Microarray analysis was performed on samples obtained from 190 endometriotic lesions26 (76 peritoneal, 86 deep and 28 ovarian endometriosis) and from 101 endometrium biopsies of endometriosis patients and 43 endometrium biopsies of control women (Table 2). The hybridized images were scanned using Agilent’s microarray scanner and quantified with Feature Extraction Software (Agilent Technology, CA, USA). Raw intensity data was then globally normalized according to manufacturer’s instructions. Data from the Sentrix® Illumina HumanWG-6 v2 and Illumina HumanHT-12 v4.0 Expression BeadChips were loaded using beadarray R package27. For global correction, each chip generation was treated as a separate batch.

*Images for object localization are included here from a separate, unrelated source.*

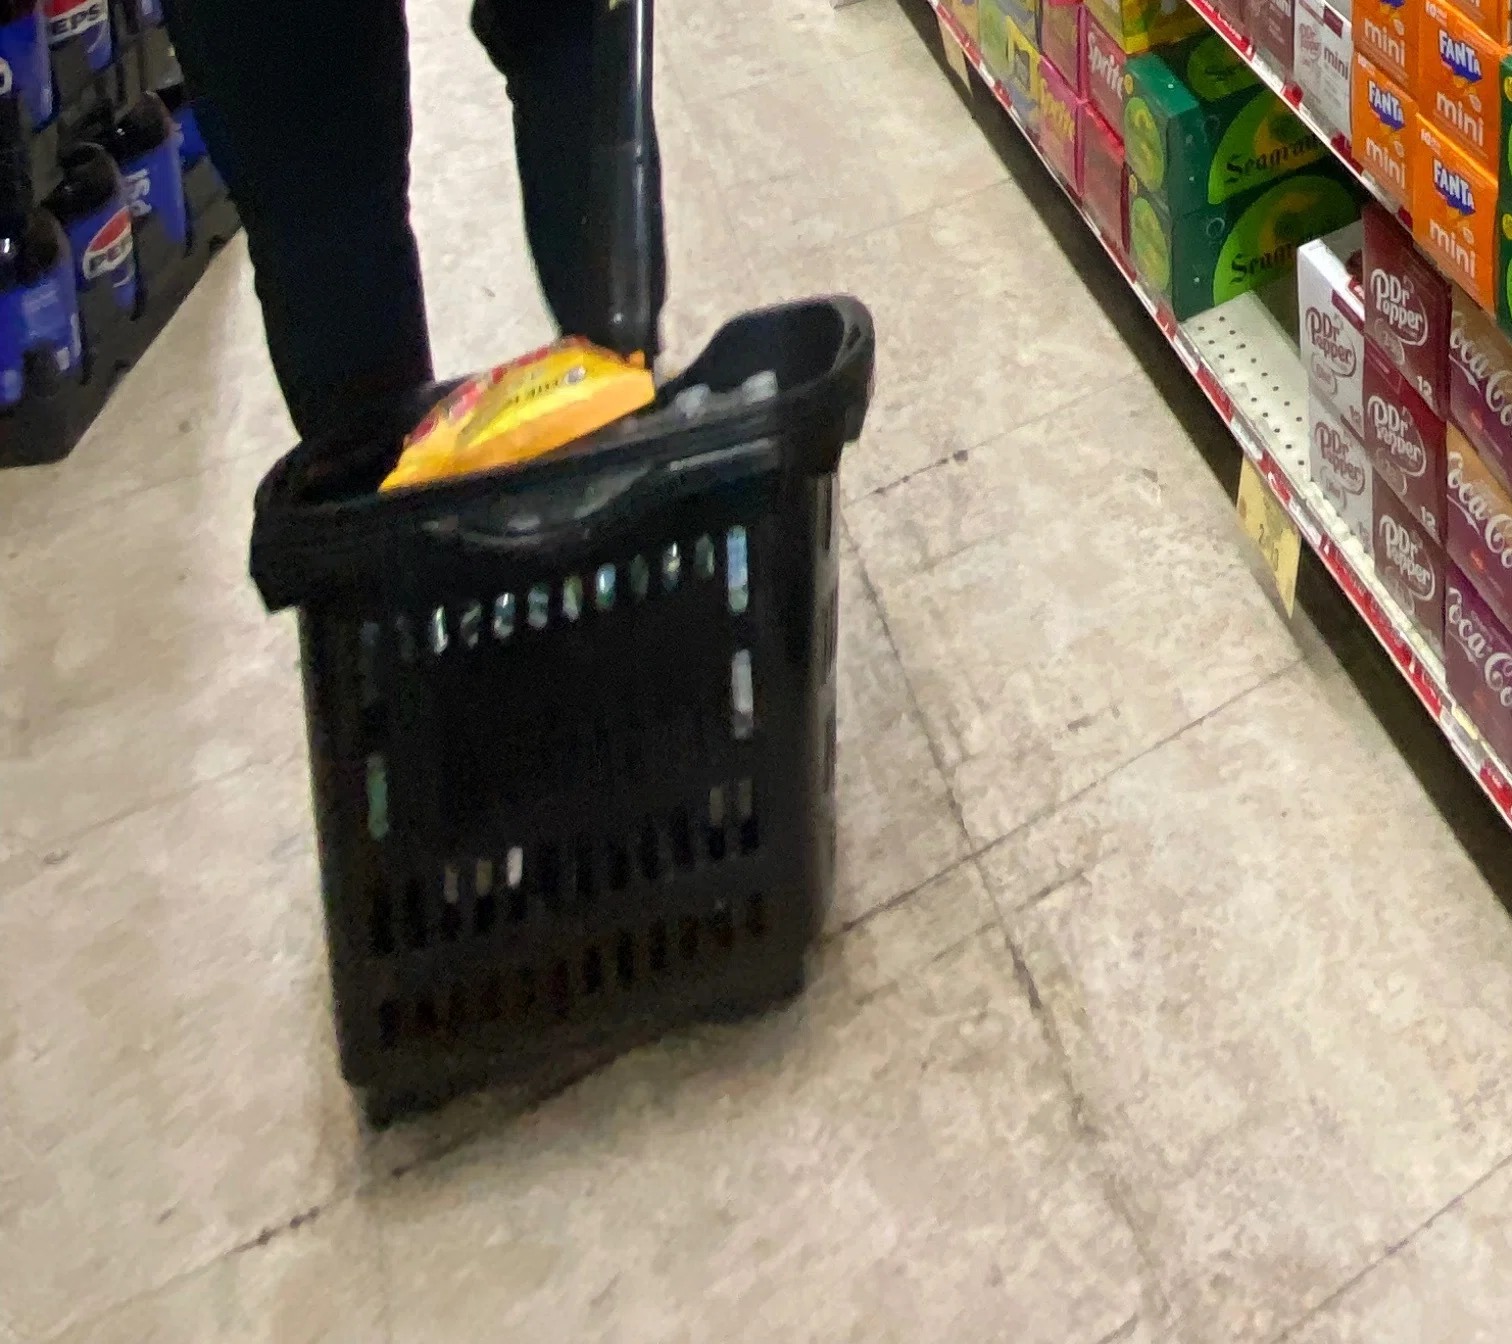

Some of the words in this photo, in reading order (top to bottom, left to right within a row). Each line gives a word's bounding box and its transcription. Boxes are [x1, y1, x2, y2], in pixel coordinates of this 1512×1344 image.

[1364, 16, 1406, 69] mini
[1438, 28, 1483, 76] FANTA
[1367, 80, 1405, 124] FANTA
[1435, 88, 1485, 148] mini
[1365, 136, 1406, 192] mini
[1433, 158, 1476, 210] FANTA
[1428, 218, 1477, 280] mini

Log transformation and quantile normalization was performed batch-wise using standard R Bioconductor methods28–30. We used the BLAST Method to map probes to their corresponding genes using up-to-date gene-to-probe associations all probe sequences were aligned to NCBI’s Nucleotide Sequence (nt) database31 adopting a procedure published in a previous study32. Since aligning to the nt database resulted in multiple hits across multiple species data was cleaned and filtered before being used to join the different array generations. To extract relevant features from the BLAST results data is annotated with up-to-date gene symbols and Entrez IDs. To achieve a more reliable annotation three different sources are used, dbOrg (https://biodbnet-abcc.ncifcrf.gov/db/dbOrg.php), HGNC (ftp://ftp.ebi.ac.uk/pub/databases/genenames/new/tsv/) and BioMart33,34. During the joining process, the symbol found in most of the annotation sources is used.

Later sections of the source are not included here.